Looking forward, future studies should validate these findings with larger and more diverse participant pools, including professional workers, and in more complex industrial environments. Technical improvements in MR hardware, such as expanding the field of view and increasing tracking accuracy, will also be critical to further enhance alignment quality and user trust. Finally, integrating MR visualization with complementary modalities, such as auditory or haptic cues, represents an exciting direction to create richer, multi-channel communication of robot intentions in collaborative manufacturing.

4.4. Limitations

This study has several limitations. First, the non-MR baseline condition was always administered first; while this design ensured that participants became familiar with the assembly task before experiencing MR guidance, it may also introduce a potential order effect. Although the four MR conditions were counterbalanced, the lack of counterbalancing for the non-MR condition may reduce the strength of direct comparisons between MR and non-MR. Second, although we administered extensive subjective questionnaires and report those results, qualitative feedback and video-based observations were only briefly mentioned. A more systematic integration of these sources would enrich the analysis and provide additional insights. Finally, the participant pool in this study was modest (

N = 10

). Although the within-subjects design increased the number of observations and enabled paired comparisons, future studies should recruit larger and more diverse participant groups to improve statistical power, strengthen external validity, and allow validation in more realistic industrial environments.

5. Conclusions

This study proposed and evaluated four mixed reality (MR)-based visualization prompting strategies to enhance human–robot collaboration (HRC) by effectively communicating robot intentions to human operators. Through a controlled feasibility experiment, we systematically compared the strategies under identical task conditions. The results demonstrated that MR guidance consistently improved task efficiency, decision making, and user experience compared to the non-MR baseline. Among the four methods, full-arm animation (method 4) emerged as the most effective strategy, significantly enhancing fluency, predictability, perceived efficiency, and comfort. At the same time, we observed that, while MR generally increased human–robot separation distances, the visibility constraints of the headset influenced perceived safety in close-proximity interactions. These findings extend prior work by providing one of the first within-subjects comparisons of multiple MR intention communication strategies in collaborative assembly.

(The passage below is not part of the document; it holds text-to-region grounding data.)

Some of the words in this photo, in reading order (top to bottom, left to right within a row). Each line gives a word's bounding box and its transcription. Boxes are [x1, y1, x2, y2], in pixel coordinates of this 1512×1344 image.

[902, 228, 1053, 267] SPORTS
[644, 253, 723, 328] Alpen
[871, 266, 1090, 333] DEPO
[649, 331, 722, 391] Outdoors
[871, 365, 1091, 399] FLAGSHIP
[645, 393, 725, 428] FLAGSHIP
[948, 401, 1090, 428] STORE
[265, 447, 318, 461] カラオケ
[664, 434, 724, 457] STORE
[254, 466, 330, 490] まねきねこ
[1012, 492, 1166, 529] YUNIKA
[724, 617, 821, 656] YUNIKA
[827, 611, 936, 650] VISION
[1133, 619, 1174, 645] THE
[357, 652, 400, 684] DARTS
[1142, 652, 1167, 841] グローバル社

This study also has limitations. The participant pool was modest (

N = 10

), which, although sufficient for a feasibility study with a within-subjects design, limits the statistical power and generalizability of the findings. In addition, the non-MR baseline condition was always administered first, potentially introducing order effects, and qualitative feedback or video observations were only briefly integrated. These factors should be taken into account when interpreting the results.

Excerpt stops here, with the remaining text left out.